**Task:**
Wherever a picture appears, leave it out; set down everything else in the records exactly.

________

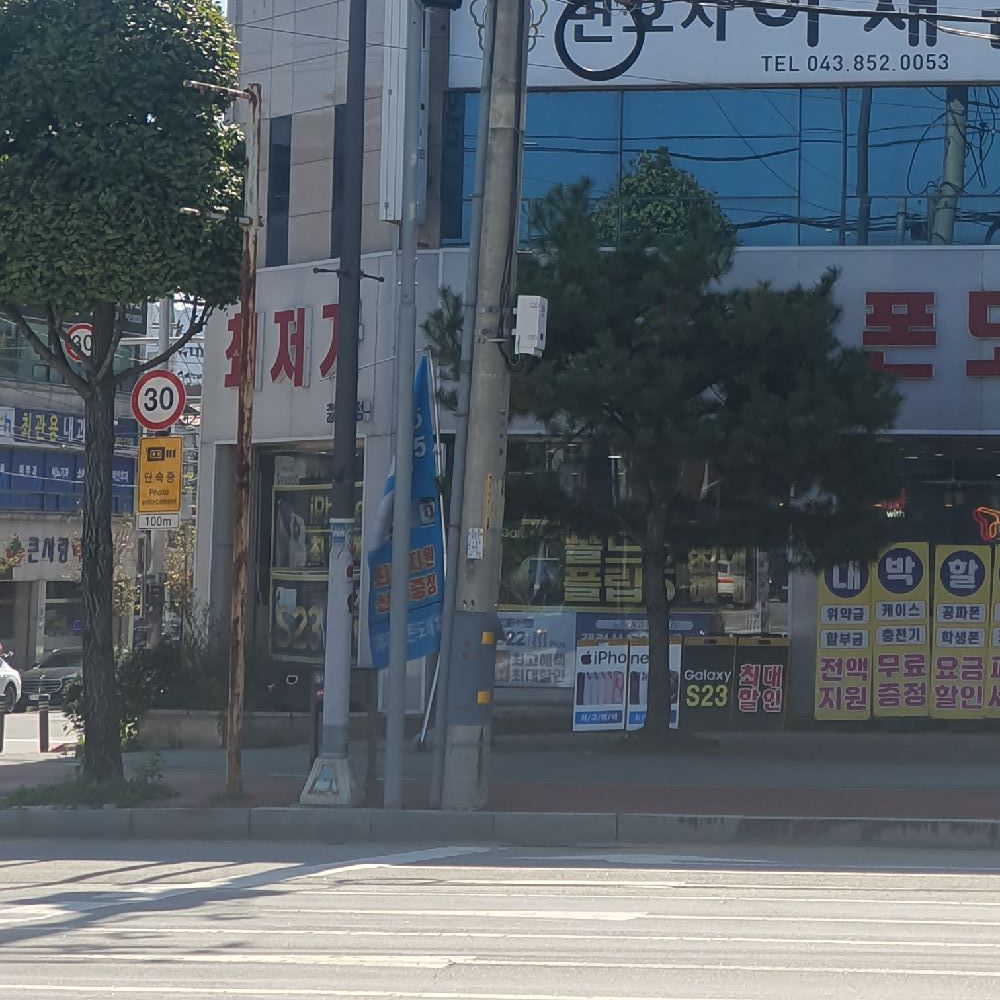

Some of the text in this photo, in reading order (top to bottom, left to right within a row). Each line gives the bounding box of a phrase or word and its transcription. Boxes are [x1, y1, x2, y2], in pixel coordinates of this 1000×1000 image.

[761, 54, 950, 73] TEL 043.852.0053
[143, 386, 174, 412] 30
[144, 471, 175, 484] 단속중
[149, 488, 169, 496] Photo
[145, 515, 172, 527] 100m
[885, 556, 916, 585] 박
[947, 559, 979, 589] 할
[827, 607, 865, 620] 위약금
[881, 602, 920, 618] 케이스
[881, 627, 920, 643] 충전기
[593, 650, 649, 666] iPhone
[820, 656, 868, 682] 전액
[877, 653, 926, 678] 무료
[935, 655, 984, 681] 요금
[684, 669, 732, 682] Galaxy
[739, 664, 784, 687] 최대
[686, 684, 728, 707] S23
[738, 688, 784, 712] 할인
[818, 684, 868, 711] 지원
[876, 681, 927, 708] 증정
[934, 684, 984, 710] 할인
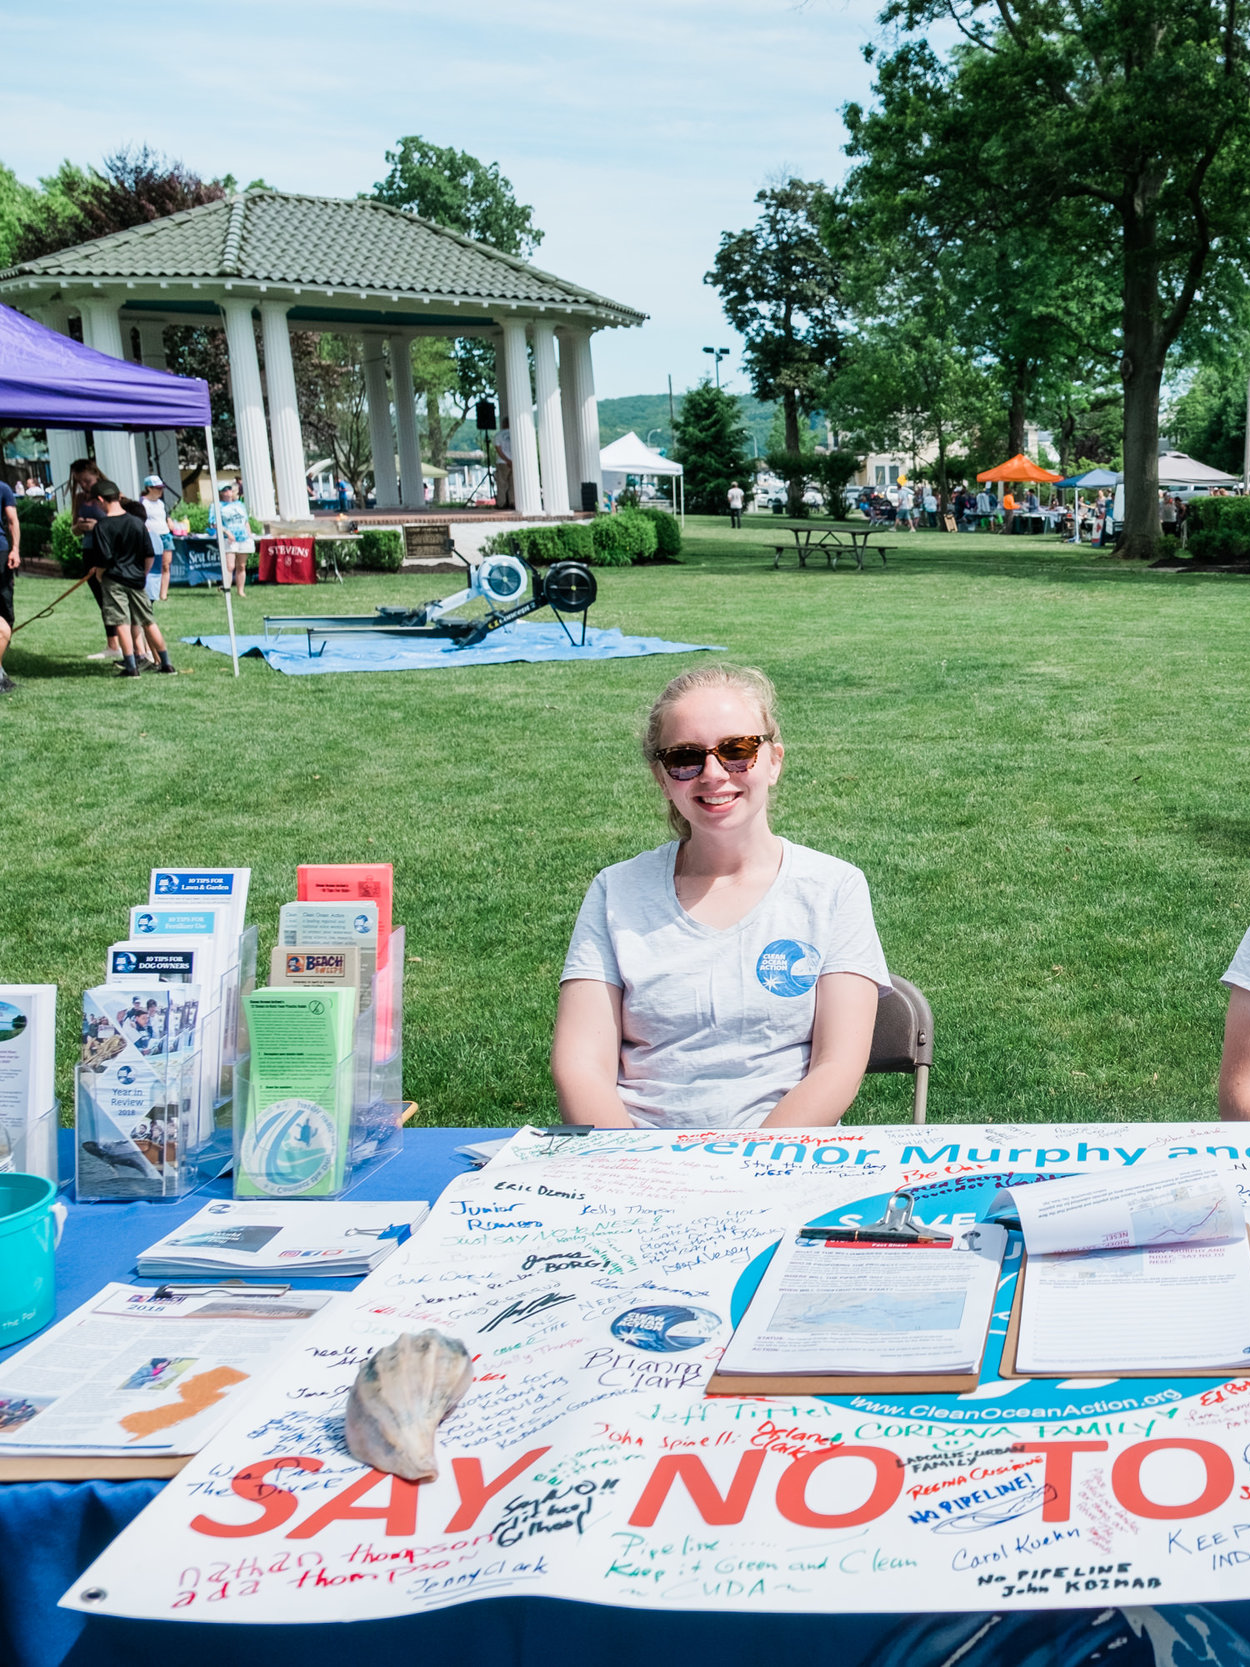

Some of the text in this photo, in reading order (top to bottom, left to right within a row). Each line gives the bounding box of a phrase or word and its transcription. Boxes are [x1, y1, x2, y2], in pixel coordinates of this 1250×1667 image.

[189, 551, 205, 564] Sea
[268, 545, 309, 557] STEVENS
[306, 956, 343, 970] BEACH
[112, 1088, 143, 1096] Year in
[111, 1098, 144, 1106] Review
[900, 1143, 1146, 1167] Murphy
[740, 1160, 774, 1171] Stop
[902, 1169, 938, 1182] Be
[450, 1200, 526, 1216] Junior
[579, 1204, 616, 1215] Kelly
[494, 1234, 528, 1245] SAY
[532, 1228, 568, 1242] NO
[543, 1260, 611, 1274] BORG!
[127, 1304, 166, 1312] 2018
[627, 1311, 665, 1321] CLEAN
[618, 1322, 662, 1331] ACTION
[598, 1367, 705, 1390] Clark
[850, 1388, 1183, 1420] www.CleanOceanAction.org
[637, 1403, 718, 1426] Jeff
[594, 1422, 643, 1447] John
[854, 1419, 1156, 1439] CORDOVA FAMILY
[912, 1457, 977, 1473] FAMILY
[187, 1481, 235, 1497] The
[190, 1446, 553, 1539] SAY
[628, 1446, 905, 1529] NO
[1012, 1438, 1235, 1523] TO
[938, 1472, 1036, 1515] PIPELINE!
[611, 1532, 721, 1559] Pipeline
[179, 1534, 494, 1588] nathan thompson
[604, 1548, 918, 1583] Keep it Green and Clean
[952, 1545, 1008, 1571] Carol
[406, 1556, 549, 1594] Jenny Clark
[978, 1562, 1132, 1586] No PIPELINE
[171, 1580, 260, 1608] ada
[660, 1578, 765, 1599] CUDA
[1001, 1584, 1050, 1598] John
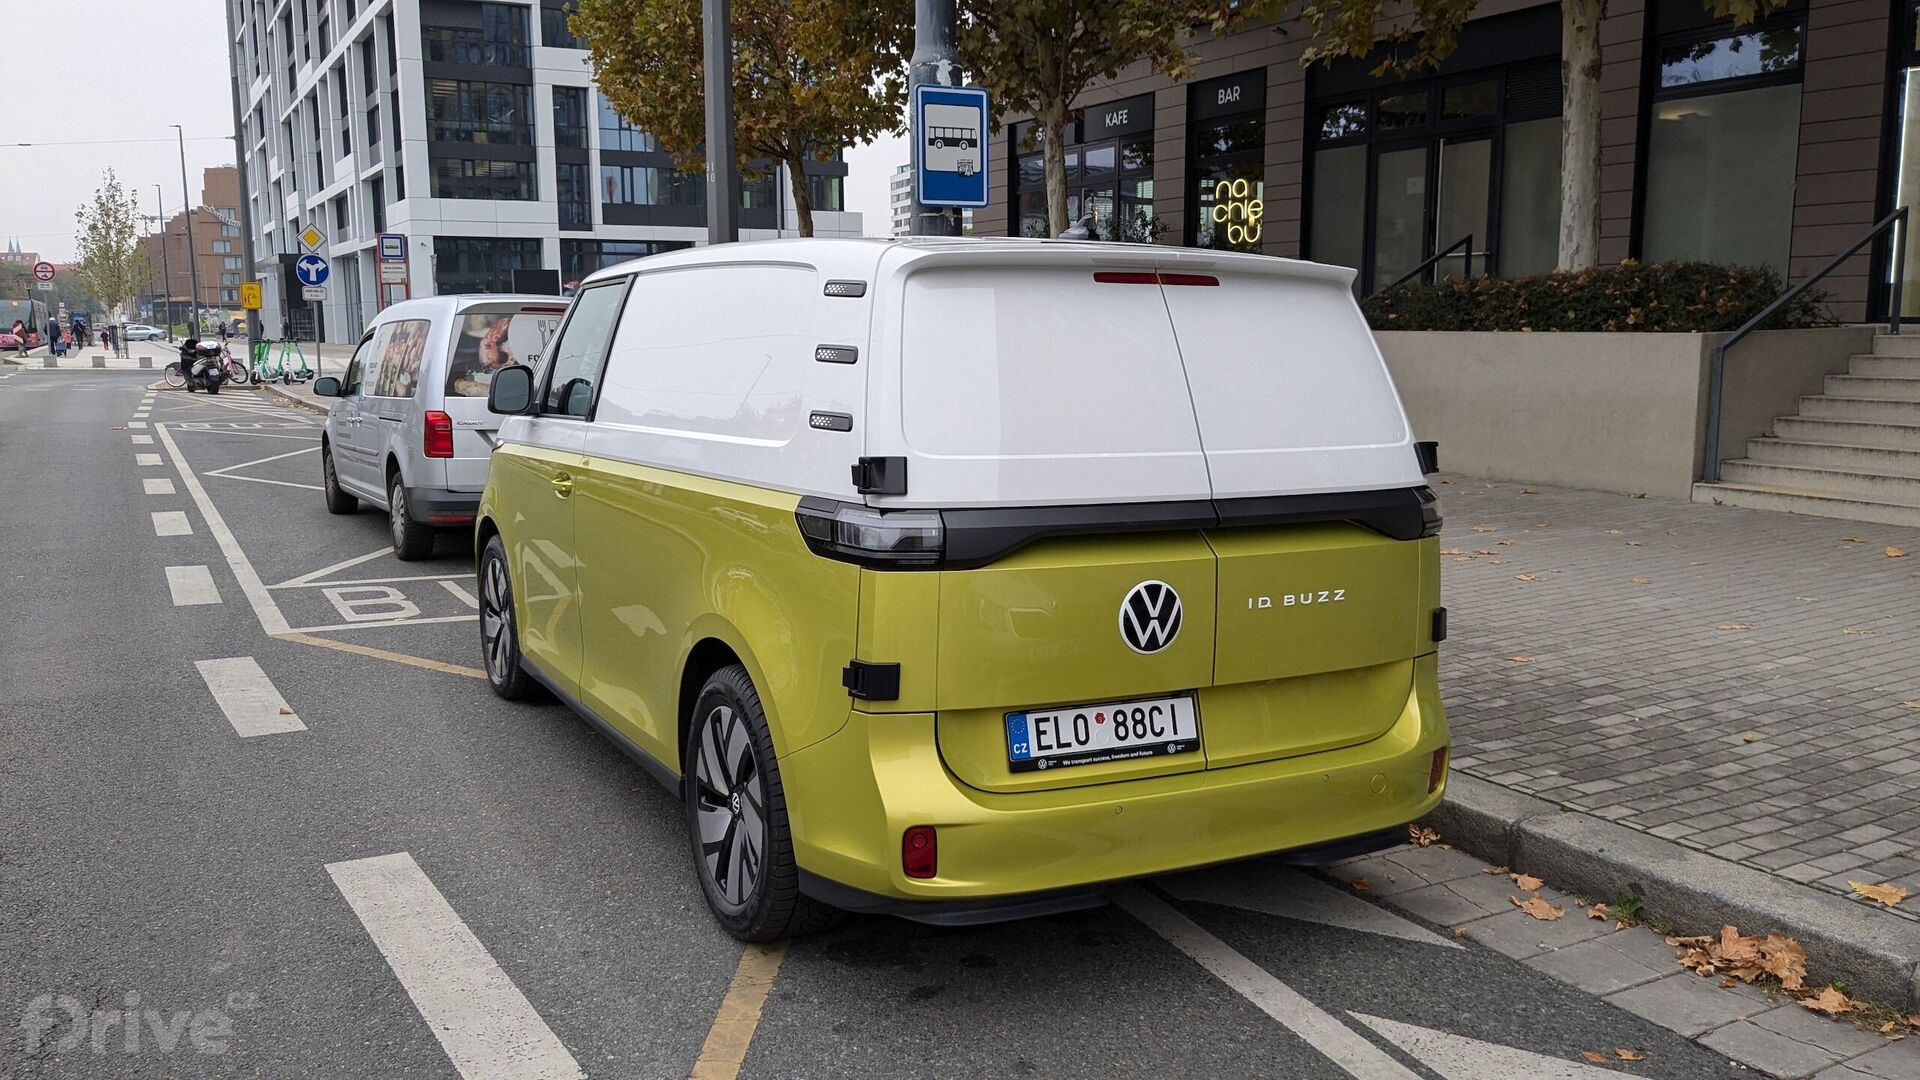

________

**Worked solution:**
Some of the text in this photo, in reading order (top to bottom, left to right within a row). Each line gives the bounding box of a phrase or word and its transcription. Boxes are [x1, y1, x2, y2], in pixel coordinates of this 1000×1000 image.

[761, 54, 950, 73] TEL 043.852.0053
[143, 386, 174, 412] 30
[144, 471, 175, 484] 단속중
[149, 488, 169, 496] Photo
[145, 515, 172, 527] 100m
[885, 556, 916, 585] 박
[947, 559, 979, 589] 할
[827, 607, 865, 620] 위약금
[881, 602, 920, 618] 케이스
[881, 627, 920, 643] 충전기
[593, 650, 649, 666] iPhone
[820, 656, 868, 682] 전액
[877, 653, 926, 678] 무료
[935, 655, 984, 681] 요금
[684, 669, 732, 682] Galaxy
[739, 664, 784, 687] 최대
[686, 684, 728, 707] S23
[738, 688, 784, 712] 할인
[818, 684, 868, 711] 지원
[876, 681, 927, 708] 증정
[934, 684, 984, 710] 할인

Some of the text in this photo, in reading order (top to bottom, left to right within a row). Each line gives the bounding box of a phrase or word and its transcription. Boxes are [x1, y1, x2, y2], in pixel coordinates of this 1250×1667 image.

[189, 551, 205, 564] Sea
[268, 545, 309, 557] STEVENS
[306, 956, 343, 970] BEACH
[112, 1088, 143, 1096] Year in
[111, 1098, 144, 1106] Review
[900, 1143, 1146, 1167] Murphy
[740, 1160, 774, 1171] Stop
[902, 1169, 938, 1182] Be
[450, 1200, 526, 1216] Junior
[579, 1204, 616, 1215] Kelly
[494, 1234, 528, 1245] SAY
[532, 1228, 568, 1242] NO
[543, 1260, 611, 1274] BORG!
[127, 1304, 166, 1312] 2018
[627, 1311, 665, 1321] CLEAN
[618, 1322, 662, 1331] ACTION
[598, 1367, 705, 1390] Clark
[850, 1388, 1183, 1420] www.CleanOceanAction.org
[637, 1403, 718, 1426] Jeff
[594, 1422, 643, 1447] John
[854, 1419, 1156, 1439] CORDOVA FAMILY
[912, 1457, 977, 1473] FAMILY
[187, 1481, 235, 1497] The
[190, 1446, 553, 1539] SAY
[628, 1446, 905, 1529] NO
[1012, 1438, 1235, 1523] TO
[938, 1472, 1036, 1515] PIPELINE!
[611, 1532, 721, 1559] Pipeline
[179, 1534, 494, 1588] nathan thompson
[604, 1548, 918, 1583] Keep it Green and Clean
[952, 1545, 1008, 1571] Carol
[406, 1556, 549, 1594] Jenny Clark
[978, 1562, 1132, 1586] No PIPELINE
[171, 1580, 260, 1608] ada
[660, 1578, 765, 1599] CUDA
[1001, 1584, 1050, 1598] John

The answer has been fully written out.